Space saving methods Lossless file compression tools save disk space, not by deleting information, but by analyzing the data to repack the information using fewer bytes. One of the most commonly used tools for this is gzip. We determined that storing the data within an SCF file in a different order can significantly improve the performance of gzip. Also the trace amplitudes are not ideally suited to compression by gzip, but storing the differences between one value and the next reduces the signal variability. This finite differences technique can be applied up to three times before compression ratios start to suffer. These ideas were used to form a new revision of SCF—version 3. Table 1 demonstrates the compression ratios of gzip on a set of ABI-3700 files in ABI, SCF version 2 and SCF version 3 formats. More recently, Jean Thierry-Mieg at the NCBI produced a new trace format named CTF (unpublished) which compresses better than SCFv3. The CTF format specifies its own compression algorithms. A raw CTF file has a similar size to gzipped SCFv3, but is substantially faster to read back. Furthermore CTF files can still be compressed further by using external programs, such as gzip, hence giving additional space savings. Despite the size reduction of SCFv3 and CTF we recently felt that another completely new file structure would both enable us to make the files even smaller and produce an extensible format which would facilitate its use for novel future applications of DNA sequencing. We have named this new binary format ZTR. 4

SYSTEM AND METHODS The design of ZTR builds on this previous work and borrows new ideas taken from the PNG format (Boutell et al., 1997), the public successor to the GIF image format. We wanted to reduce data size further, and also to incorporate additional textual information. The key design principles are: (1) Extensibility: we cannot easily foresee what future data may need to be stored within a trace file, so we need a mechanism of incorporating new information in a way which does not invalidate the file format. (2) Small: a small size not only saves disk space, but will reduce network usage and download times. Rather than have a format which requires use of external compression tools we would like the format to specify its own compression methods. (3) Fast: ZTR file accessing should not be substantially slower than existing SCF implementations. Given that gzipped SCF files are the norm, we considered this to be our target speed for both reading and writing. (4) Public: both the specification and the source code for an example implementation should be freely available to both academic and commercial users.

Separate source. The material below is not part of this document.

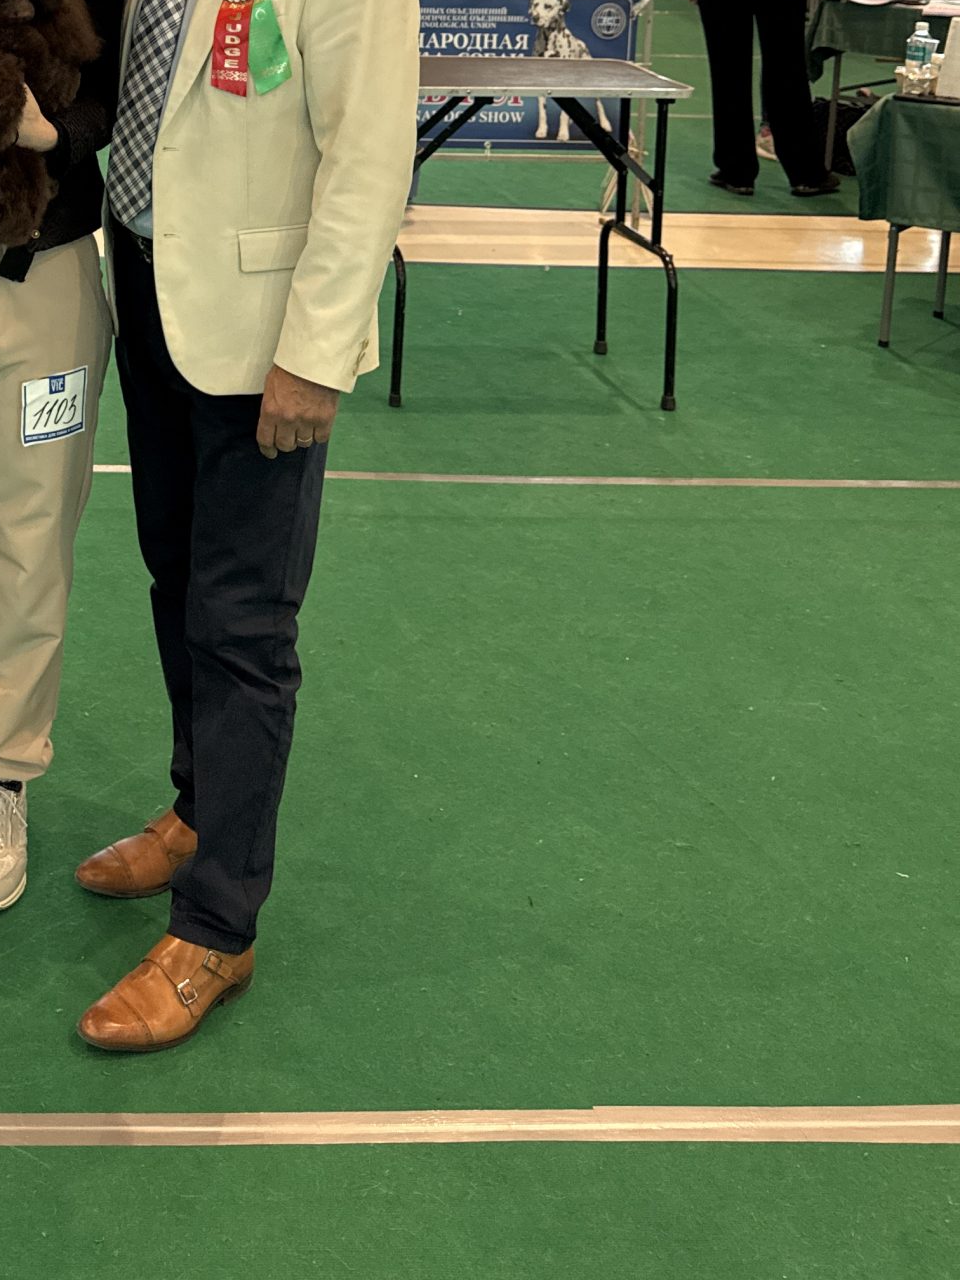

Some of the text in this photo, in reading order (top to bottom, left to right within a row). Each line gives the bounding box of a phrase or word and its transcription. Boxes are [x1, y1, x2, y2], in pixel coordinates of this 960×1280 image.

[470, 21, 497, 30] UNION
[224, 11, 242, 69] JUDGE
[479, 110, 525, 124] SHOW

Extensibility The basic structure of a ZTR file is a header indicating the file format, followed by zero or more data blocks. In ZTR we call these blocks ‘chunks’. The use of separate chunks for each data type implies new data types can be added without changing the basic file structure and conversely chunks may be omitted. ZTR readers should ignore chunks with unknown type and so new files are backwards compatible. These features contribute to the extensibility of the ZTR format. The header structure is, in hex bytes: 8-byte magic number: AE 5A 54 52 0D 0A 1A 0A Format version, major: 01 Format version, minor: 02 The magic number includes an 8-bit byte (AE), a controlZ (1A) character (used to indicate end-of-file under DOS), both bare newline (0A) and carriage-return newline (0D 0A) combinations, and the text ‘ZTR’ (5A 54 52). The purpose of this is to act as an immediate check for the more troublesome aspects of file reading and data transfer and so aid the detection of corrupt files. For example, using ftp to transfer a ZTR file in ASCII mode may swap newline and newline-carriage return. Such files will not have a valid ZTR header, so rather than return a corrupted file the reading code will return an error.

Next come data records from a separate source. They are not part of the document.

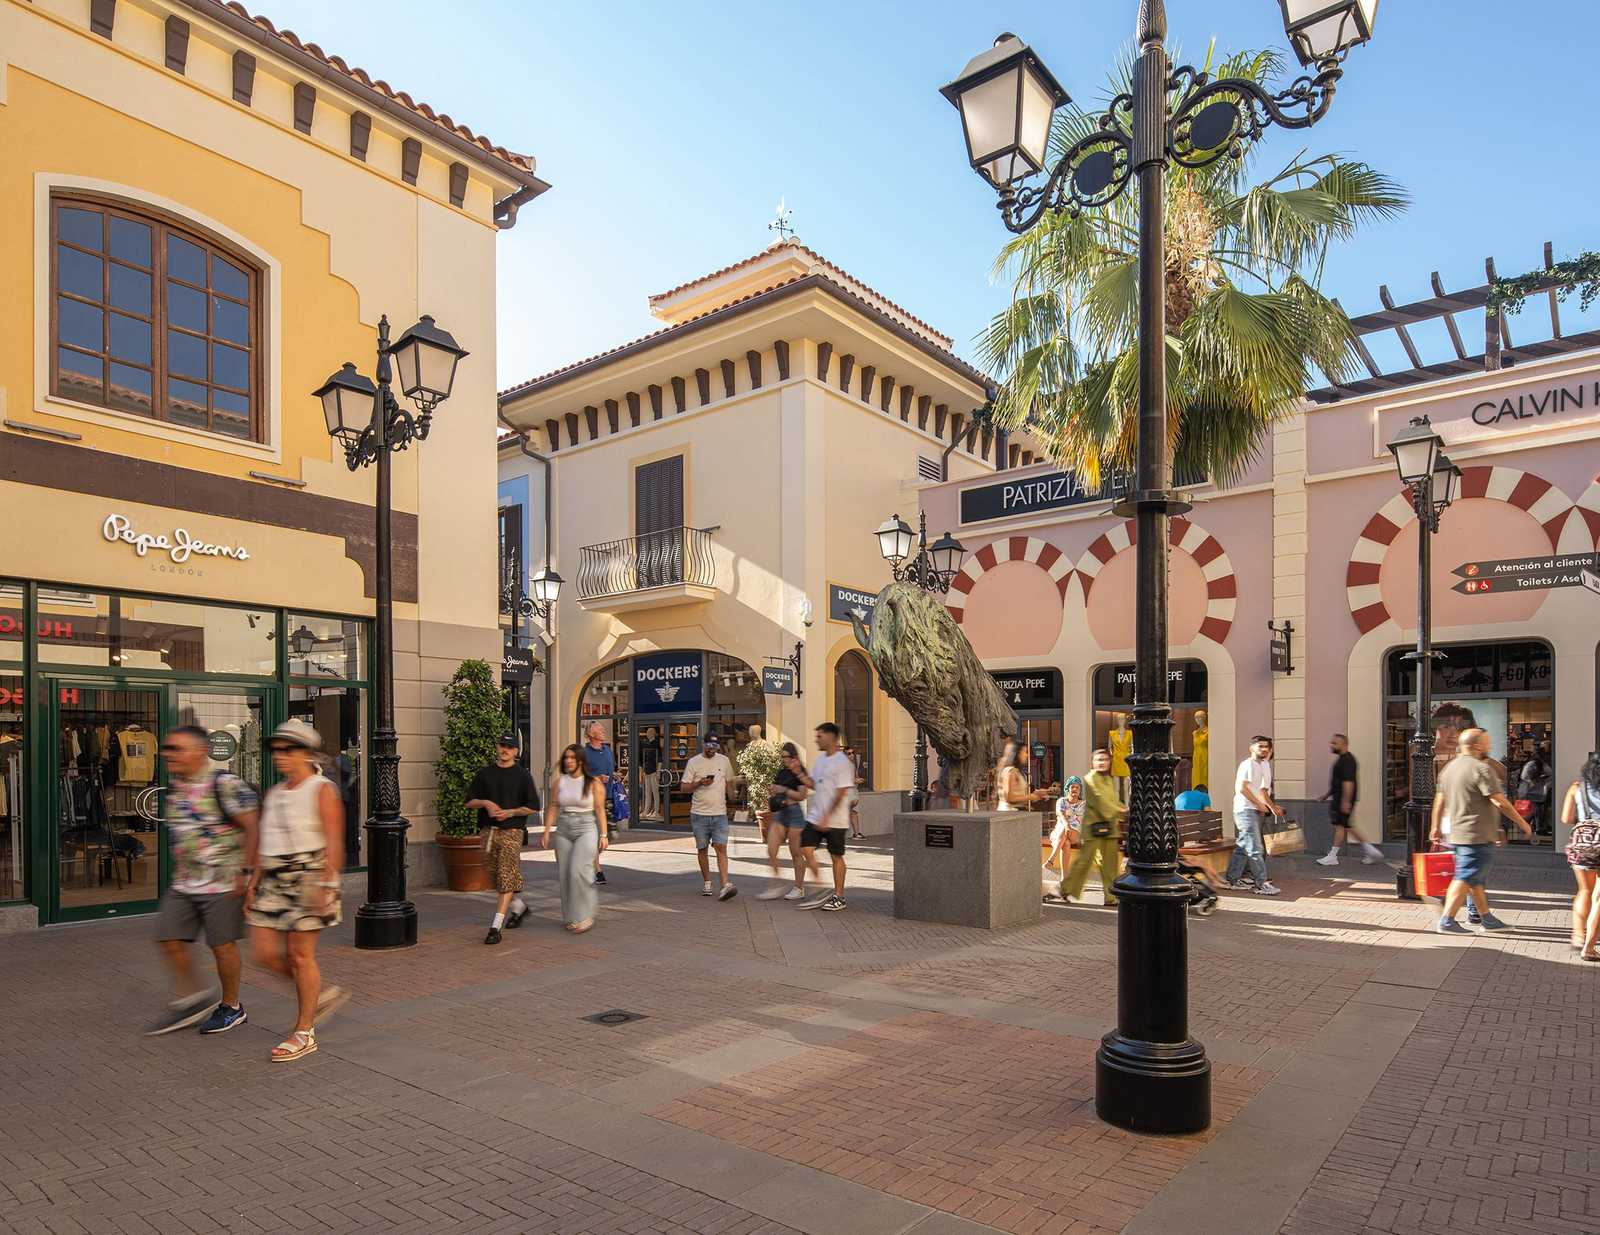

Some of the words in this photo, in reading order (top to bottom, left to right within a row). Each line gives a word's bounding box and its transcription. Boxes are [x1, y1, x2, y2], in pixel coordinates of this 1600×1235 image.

[1471, 384, 1583, 426] CALVIN
[103, 513, 172, 557] Pepe
[170, 528, 250, 563] Jeans
[1494, 561, 1541, 573] Atención
[1543, 559, 1554, 569] al
[1556, 558, 1593, 568] cliente
[1560, 575, 1580, 584] Ase
[637, 665, 699, 682] DOCKERS
[765, 671, 791, 682] DOCKERS
[1025, 678, 1046, 689] PEPE

ZTR: New format for DNA sequence trace data

Each chunk consists of a type, meta-data and data. The chunk data is the main information we wish to store. The meta-data, which is not needed for many chunk types, is typically a small amount of information about the data. For example the chunk to store the digitized trace samples will have the samples themselves in the data block and the name of the channel (A, C, G, T) in the meta-data block. All integer values are stored using 4-byte values in bigendian format (i.e. most significant byte first). The chunk structure is: 4-byte chunk type: Meta-data length (big endian): Meta-data: Data length (big endian): Data:

XX XX XX XX XX XX XX XX (any number of bytes, up to 232 ) XX XX XX XX (any number of bytes, up to 232 )

The format of the meta-data and data elements is chunk type dependent. The complete information may be found in the on-line ZTR format specification (http://www. mrc-lmb.cam.ac.uk/pubseq/ztr.html).

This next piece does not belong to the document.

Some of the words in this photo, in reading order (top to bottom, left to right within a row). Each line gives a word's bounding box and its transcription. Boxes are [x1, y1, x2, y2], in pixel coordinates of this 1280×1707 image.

Chunk types The chunk type may be considered to be a 4-character string. Bit 5 of the first character indicates whether this chunk type is part of the public ZTR specification (in which case bit 5 is clear) or whether it is a private extension (bit 5 is set). Bit 5 of the remaining three characters is reserved for future use and so currently should always be clear. Practically speaking this means that public chunk types consist entirely of uppercase letters and private chunk types start with a lowercase letter. This means that TEXT and tEXT are two completely independent chunk types and the similarity of their names does not imply a relationship between the format of their data. Also it is clear that private extensions will not clash with future public extensions. At present the publicly defined chunk types are: A single channel of trace samples, stored in 16bit format.

SAMP.

SMP4. Four concatenated arrays of trace samples, storing the same information as 4 SAMP chunks for the A, C, G and T channels. Note that both SMP4 and SAMP chunks can be combined within the same file if desired. SMP4 typically gives compression ratios 4% smaller than 4 separate SAMP chunks, at a reduced CPU usage.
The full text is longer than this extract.